けれども、(伊邪那美・伊邪那岐の二柱にもう一度国産みをしていただかない限り)支那が日本の隣国であるという地政学的の与件は変更できず、また、自由貿易体制に依存しない限り国の経済が成り立たない日本にとって、他方、新型インフルエンザ対策等々を想起するまでもなく多くの社会的諸問題が国際的に取り組むのでなければ解決されえないグローバル化の昂進著しい現在(WTO体制や地球環境問題を始め数多の国際行政分野の法制度を通して支那との関係は不可避であり)支那との関係は一切ご遠慮申し上げることも不可能なこと。

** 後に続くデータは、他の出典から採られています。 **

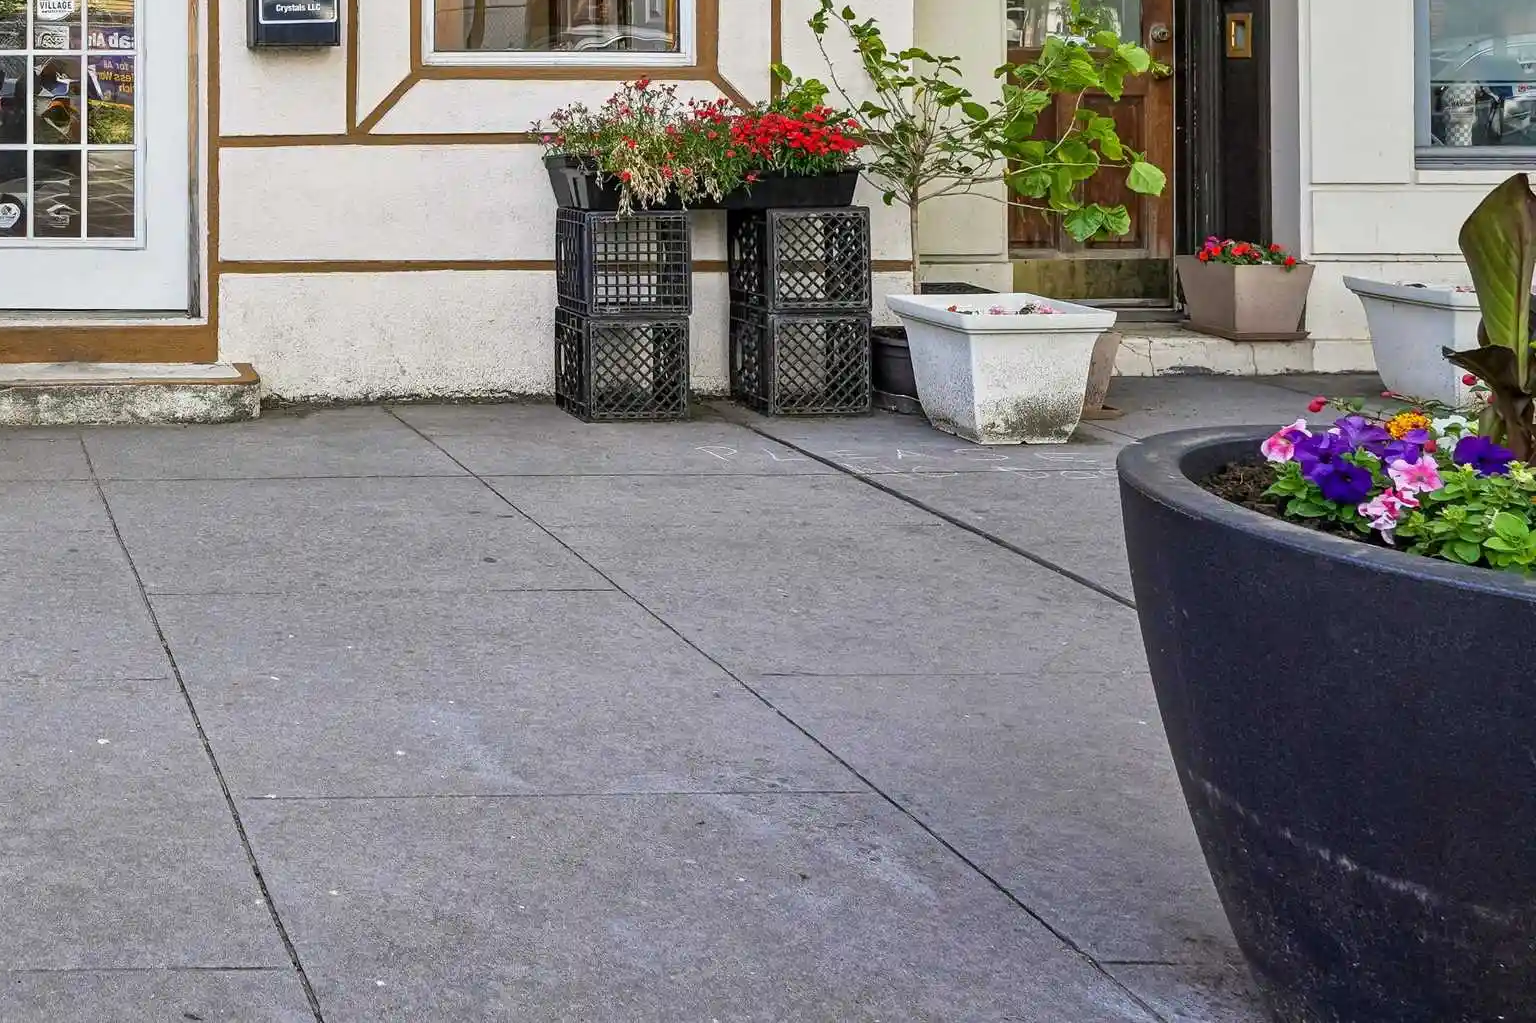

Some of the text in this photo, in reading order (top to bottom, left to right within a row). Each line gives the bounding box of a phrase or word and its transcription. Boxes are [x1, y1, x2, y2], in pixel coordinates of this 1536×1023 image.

[39, 1, 72, 10] VILLAGE
[275, 3, 321, 13] Crystals LLC

繰り返しになりますが、生態学的社会構造として地球が文字通り<一球:an earth>になっている現在、(日本が支那との外交関係と貿易・投資を断つこと、畢竟、国交断絶を行なうことは法論理的には可能であっても)支那からの汚染物質が東シナ海を通り、また、偏西風に乗り日本の海岸線を洗い日本列島に降り注ぐこと、而して、(材料を含む支那製品を全面輸入禁止にした所で)第三国を通した金融・技術・情報の移動においても支那と潔癖に没交渉を貫くことは不可能でしょう。蓋し、朝日新聞や民主党の「支那万歳!」が到底我々保守改革派が容認できない主張であるのと同時に、国交断絶論もまた到底成り立つ議論ではないのだと思います。
ならば、我々、日本の、否、世界の保守改革派にとって唯一可能な対支那のスタンスは「政凍経冷」であり、而して、それを実現し維持するためには、逆説的ながら、支那の動向と実情を恒常的に把握すること、すなわち、支那人とより深く(「より親しく」ではない!)付き合うことが肝要である。と、そう私は考えています。この私の対支那の問題意識から大変参考になる記事を目にしましたので以下紹介します。出典はThe Economist の”The People's Republic at 60-China's place in the world”「建国60年の人民共和国-世界における中国の位置」(Oct 1st 2009)です。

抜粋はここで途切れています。